» Task details
Keep every word of the entries and print them exactly; the pictures stay out.

=== Begin Enclosure ===

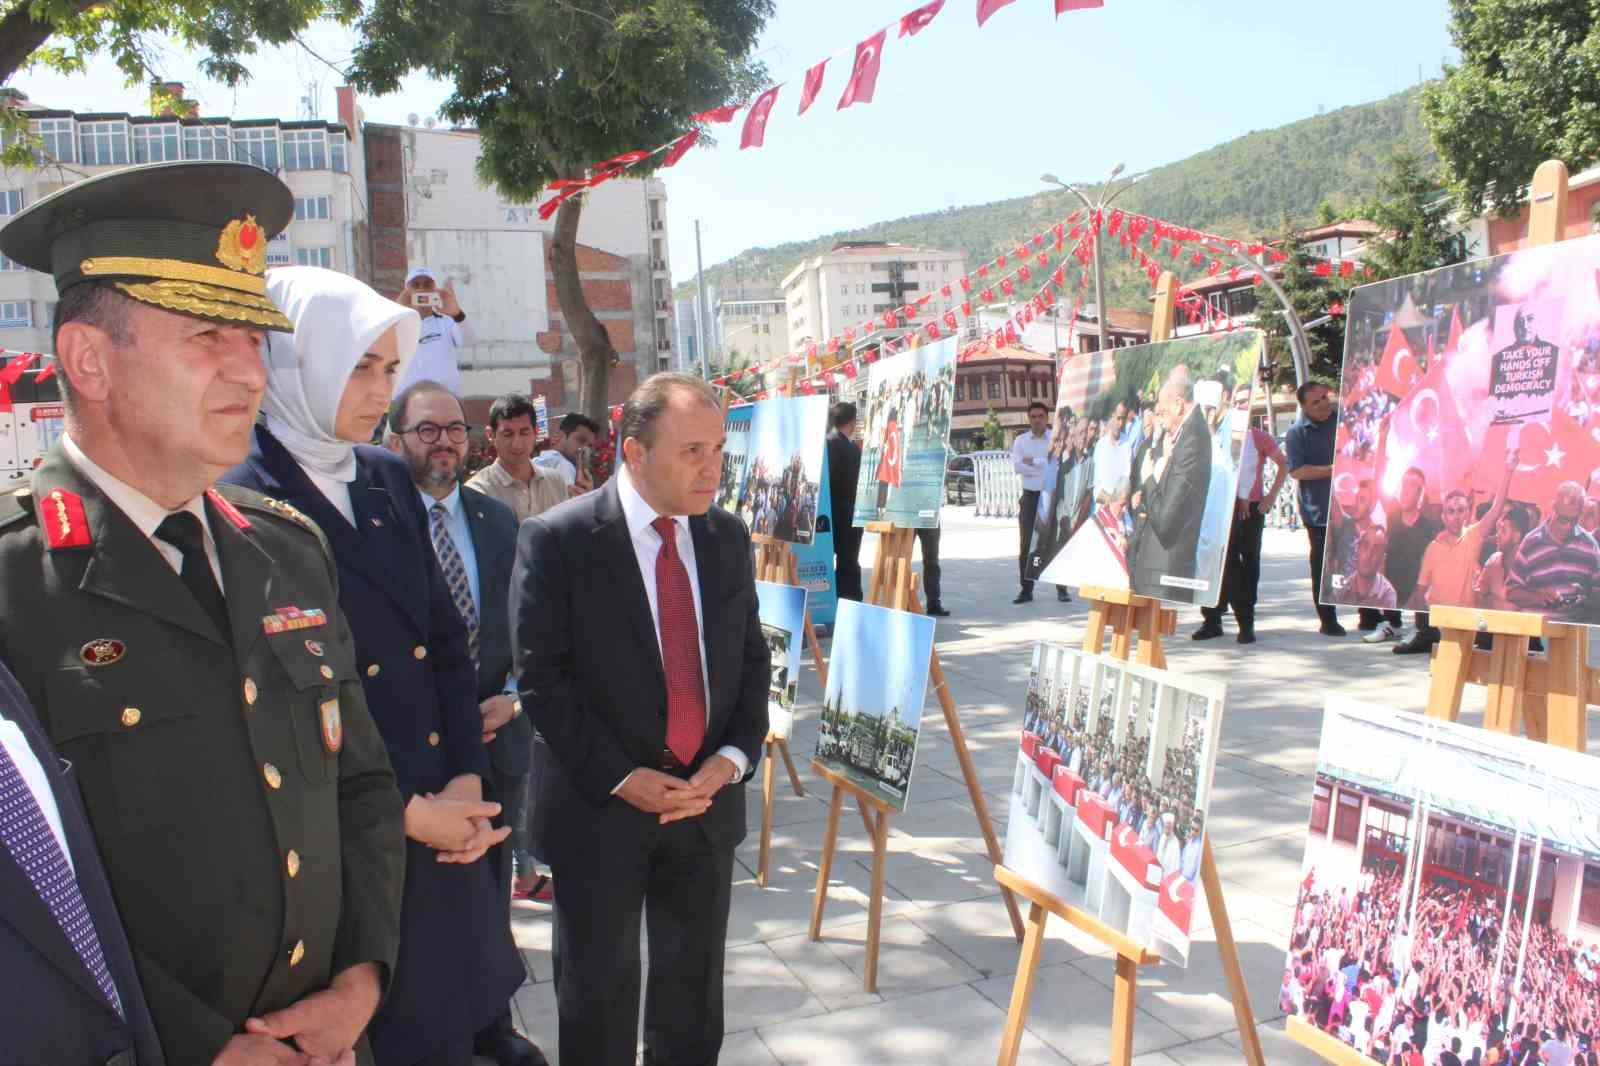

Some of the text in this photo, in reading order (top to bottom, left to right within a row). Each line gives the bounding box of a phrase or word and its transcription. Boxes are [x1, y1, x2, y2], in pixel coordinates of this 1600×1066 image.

[1502, 346, 1552, 359] TAKE YOUR
[1500, 357, 1551, 371] HANDS OFF
[1505, 369, 1544, 382] TURKISH
[1495, 379, 1552, 393] DEMOCRACY

=== End Enclosure ===

» Completed exercise
Some of the text in this photo, in reading order (top to bottom, left to right within a row). Each line gives the bounding box of a phrase or word and its transcription. Boxes are [x1, y1, x2, y2], in pixel coordinates of this 1600×1066 image.

[1502, 346, 1552, 359] TAKE YOUR
[1500, 357, 1551, 371] HANDS OFF
[1505, 369, 1544, 382] TURKISH
[1495, 379, 1552, 393] DEMOCRACY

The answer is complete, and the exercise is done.